### Try it
Make an exact copy of all the entries, but do not reproduce the pictures.

### Stored data
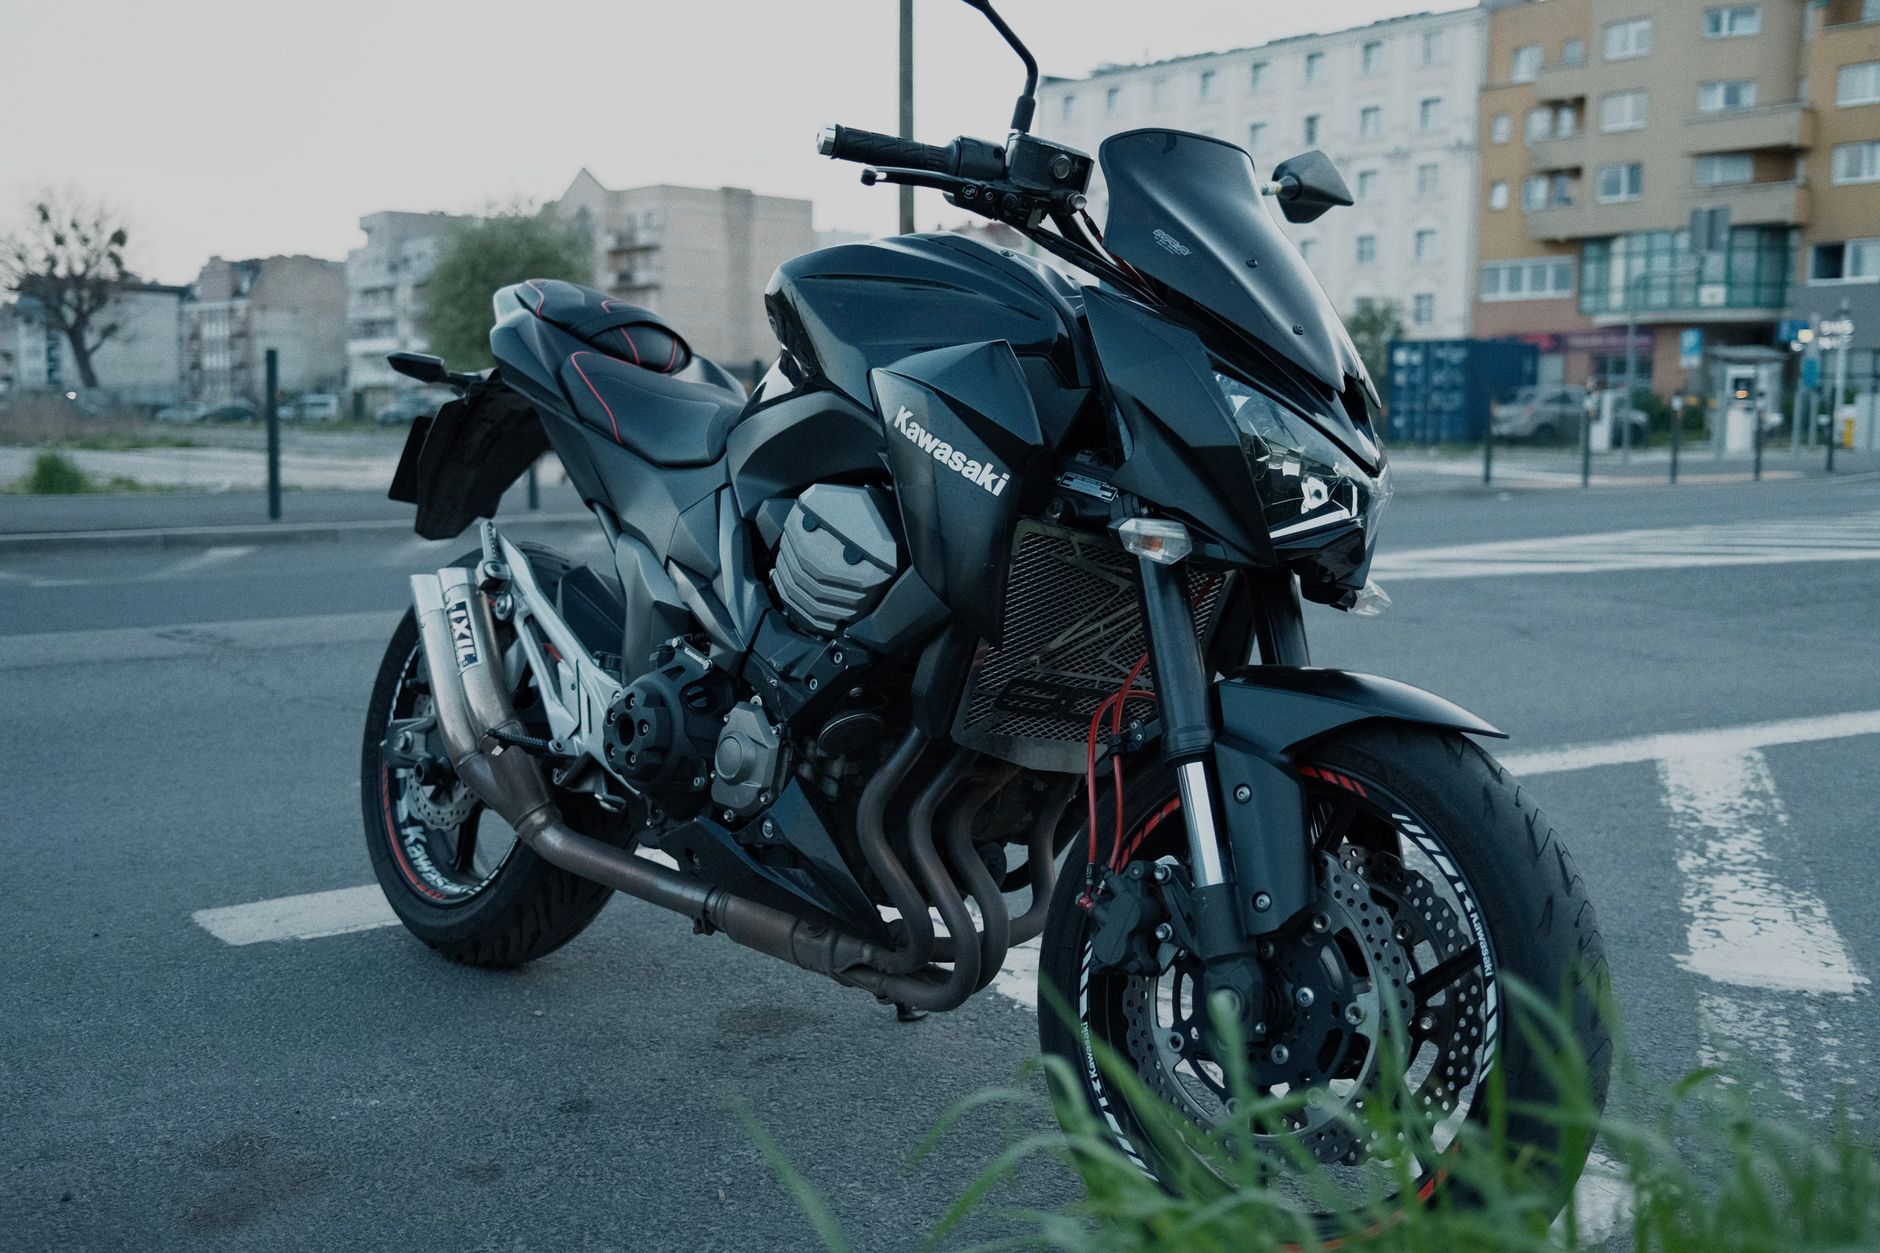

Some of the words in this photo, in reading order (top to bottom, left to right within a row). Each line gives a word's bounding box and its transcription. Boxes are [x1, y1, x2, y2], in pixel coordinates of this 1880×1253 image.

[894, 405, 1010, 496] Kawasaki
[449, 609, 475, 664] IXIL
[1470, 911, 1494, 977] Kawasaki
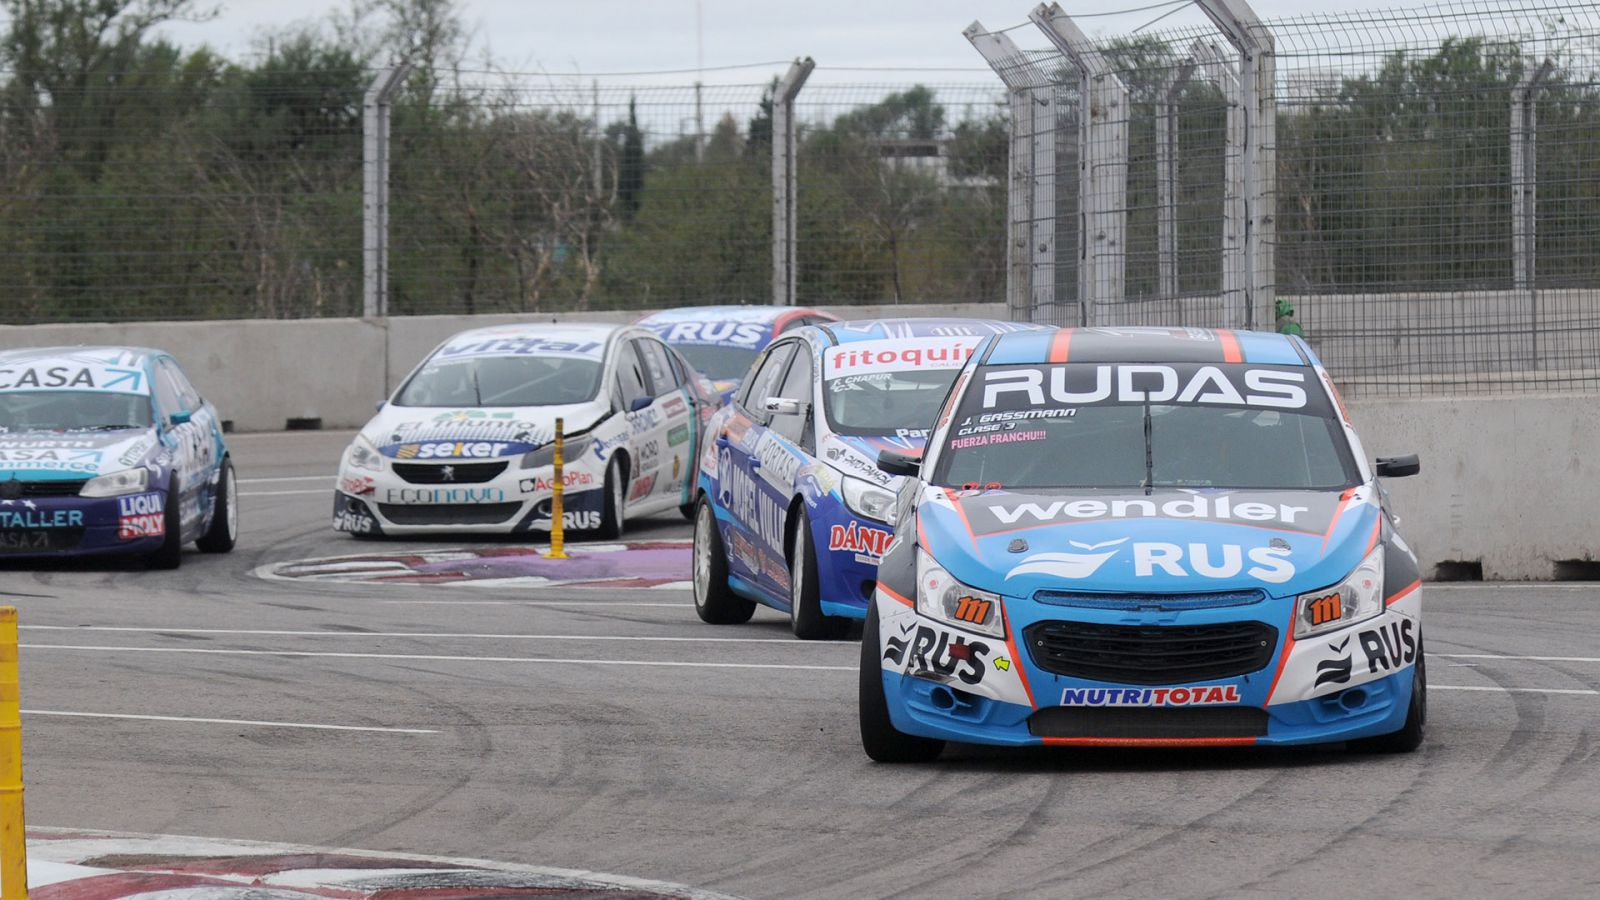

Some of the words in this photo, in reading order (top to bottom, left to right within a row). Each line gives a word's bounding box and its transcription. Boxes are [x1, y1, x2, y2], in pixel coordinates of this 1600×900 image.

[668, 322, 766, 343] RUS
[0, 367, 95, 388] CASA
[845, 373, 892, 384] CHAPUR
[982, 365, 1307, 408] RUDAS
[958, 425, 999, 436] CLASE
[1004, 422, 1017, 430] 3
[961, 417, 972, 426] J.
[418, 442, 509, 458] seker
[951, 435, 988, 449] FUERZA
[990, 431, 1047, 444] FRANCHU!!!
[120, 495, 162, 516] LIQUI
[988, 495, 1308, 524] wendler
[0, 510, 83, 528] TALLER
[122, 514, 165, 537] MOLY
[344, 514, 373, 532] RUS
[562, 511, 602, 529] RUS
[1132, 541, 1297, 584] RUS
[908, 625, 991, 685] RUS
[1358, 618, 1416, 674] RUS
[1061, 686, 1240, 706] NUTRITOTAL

### Output
Some of the words in this photo, in reading order (top to bottom, left to right within a row). Each line gives a word's bounding box and its transcription. Boxes are [x1, y1, x2, y2], in pixel coordinates of this 1880×1253 image.

[894, 405, 1010, 496] Kawasaki
[449, 609, 475, 664] IXIL
[1470, 911, 1494, 977] Kawasaki

Some of the words in this photo, in reading order (top to bottom, left to right within a row). Each line gives a word's bounding box and its transcription. Boxes are [x1, y1, x2, y2], in pixel coordinates of this 1600×900 image.

[668, 322, 766, 343] RUS
[0, 367, 95, 388] CASA
[845, 373, 892, 384] CHAPUR
[982, 365, 1307, 408] RUDAS
[958, 425, 999, 436] CLASE
[1004, 422, 1017, 430] 3
[961, 417, 972, 426] J.
[418, 442, 509, 458] seker
[951, 435, 988, 449] FUERZA
[990, 431, 1047, 444] FRANCHU!!!
[120, 495, 162, 516] LIQUI
[988, 495, 1308, 524] wendler
[0, 510, 83, 528] TALLER
[122, 514, 165, 537] MOLY
[344, 514, 373, 532] RUS
[562, 511, 602, 529] RUS
[1132, 541, 1297, 584] RUS
[908, 625, 991, 685] RUS
[1358, 618, 1416, 674] RUS
[1061, 686, 1240, 706] NUTRITOTAL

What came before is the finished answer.